| Aim of the exercise |
Give the data again exactly, without its images.

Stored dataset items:
* * *

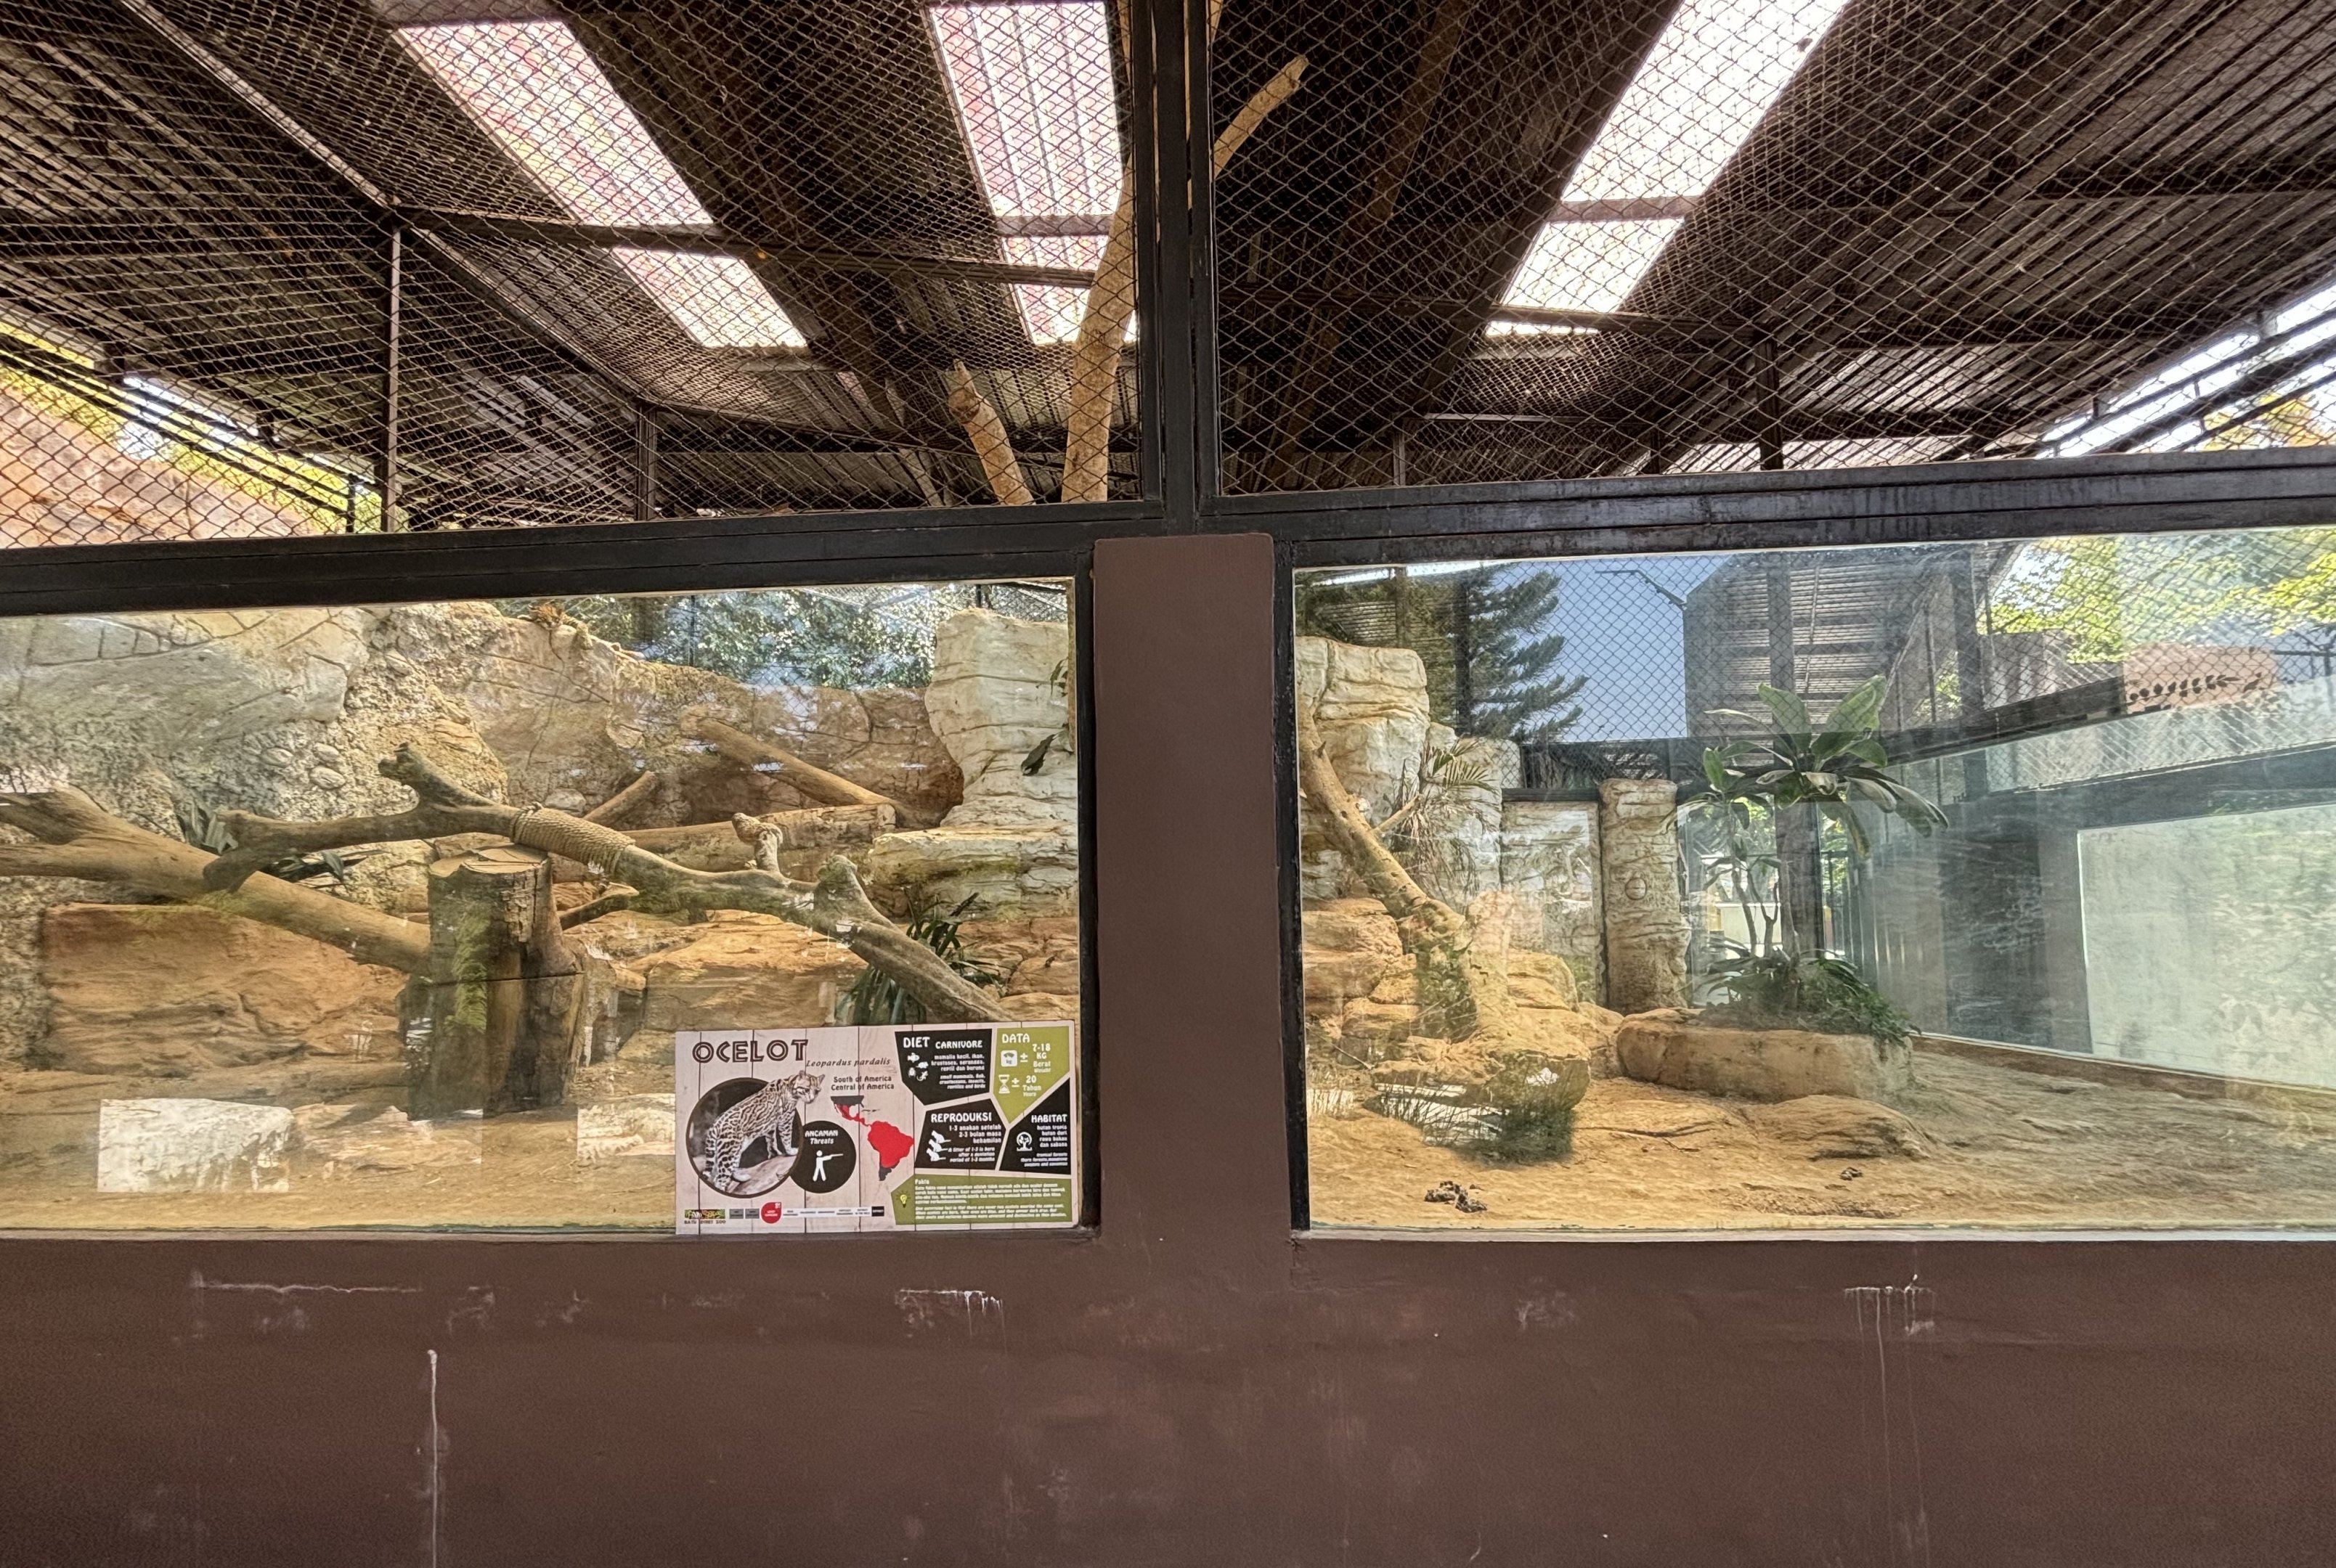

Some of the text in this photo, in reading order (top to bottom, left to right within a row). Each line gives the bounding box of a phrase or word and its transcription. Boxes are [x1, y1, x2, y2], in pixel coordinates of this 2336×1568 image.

[903, 1037, 983, 1049] DIET CARNIVORE
[1001, 1033, 1030, 1044] DATA
[692, 1039, 809, 1063] OCELOT
[1032, 1043, 1051, 1052] 7-18
[806, 1058, 891, 1068] Leopardus pardalis
[1025, 1075, 1037, 1084] 20
[931, 1112, 992, 1123] REPRODUKSI
[1031, 1114, 1067, 1123] HABITAT

* * *

| Answer area |
Some of the text in this photo, in reading order (top to bottom, left to right within a row). Each line gives the bounding box of a phrase or word and its transcription. Boxes are [x1, y1, x2, y2], in pixel coordinates of this 2336×1568 image.

[903, 1037, 983, 1049] DIET CARNIVORE
[1001, 1033, 1030, 1044] DATA
[692, 1039, 809, 1063] OCELOT
[1032, 1043, 1051, 1052] 7-18
[806, 1058, 891, 1068] Leopardus pardalis
[1025, 1075, 1037, 1084] 20
[931, 1112, 992, 1123] REPRODUKSI
[1031, 1114, 1067, 1123] HABITAT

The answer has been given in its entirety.